PROBLEM DETAILS:
Transcribe exactly the line that contains "Some of the words" and every line after it to the end of the entries, and nothing more.

[Data excerpts]
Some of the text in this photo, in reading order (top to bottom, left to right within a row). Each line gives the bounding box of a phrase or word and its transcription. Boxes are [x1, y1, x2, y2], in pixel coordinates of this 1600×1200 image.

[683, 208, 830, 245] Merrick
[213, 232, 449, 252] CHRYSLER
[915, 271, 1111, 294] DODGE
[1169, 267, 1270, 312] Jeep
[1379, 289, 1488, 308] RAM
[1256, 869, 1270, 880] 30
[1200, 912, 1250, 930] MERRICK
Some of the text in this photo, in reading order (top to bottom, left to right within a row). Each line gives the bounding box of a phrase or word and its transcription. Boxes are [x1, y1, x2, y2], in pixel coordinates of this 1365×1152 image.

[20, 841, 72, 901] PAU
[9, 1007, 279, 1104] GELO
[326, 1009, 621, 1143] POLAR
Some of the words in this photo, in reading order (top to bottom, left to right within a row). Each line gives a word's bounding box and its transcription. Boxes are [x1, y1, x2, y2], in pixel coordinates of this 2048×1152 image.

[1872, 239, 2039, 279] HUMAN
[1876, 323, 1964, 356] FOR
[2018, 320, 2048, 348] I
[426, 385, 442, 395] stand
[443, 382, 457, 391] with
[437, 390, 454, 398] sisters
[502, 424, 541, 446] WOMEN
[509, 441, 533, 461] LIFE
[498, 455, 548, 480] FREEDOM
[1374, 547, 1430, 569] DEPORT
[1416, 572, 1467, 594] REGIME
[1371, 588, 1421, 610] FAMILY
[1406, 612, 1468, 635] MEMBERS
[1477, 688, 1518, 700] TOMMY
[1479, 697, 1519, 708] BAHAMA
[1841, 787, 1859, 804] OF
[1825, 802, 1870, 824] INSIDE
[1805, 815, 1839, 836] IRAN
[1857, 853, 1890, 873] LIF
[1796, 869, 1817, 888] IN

ANSWER BOX:
Some of the words in this photo, in reading order (top to bottom, left to right within a row). Each line gives a word's bounding box and its transcription. Boxes are [x1, y1, x2, y2], in pixel coordinates of this 2048×1152 image.

[1872, 239, 2039, 279] HUMAN
[1876, 323, 1964, 356] FOR
[2018, 320, 2048, 348] I
[426, 385, 442, 395] stand
[443, 382, 457, 391] with
[437, 390, 454, 398] sisters
[502, 424, 541, 446] WOMEN
[509, 441, 533, 461] LIFE
[498, 455, 548, 480] FREEDOM
[1374, 547, 1430, 569] DEPORT
[1416, 572, 1467, 594] REGIME
[1371, 588, 1421, 610] FAMILY
[1406, 612, 1468, 635] MEMBERS
[1477, 688, 1518, 700] TOMMY
[1479, 697, 1519, 708] BAHAMA
[1841, 787, 1859, 804] OF
[1825, 802, 1870, 824] INSIDE
[1805, 815, 1839, 836] IRAN
[1857, 853, 1890, 873] LIF
[1796, 869, 1817, 888] IN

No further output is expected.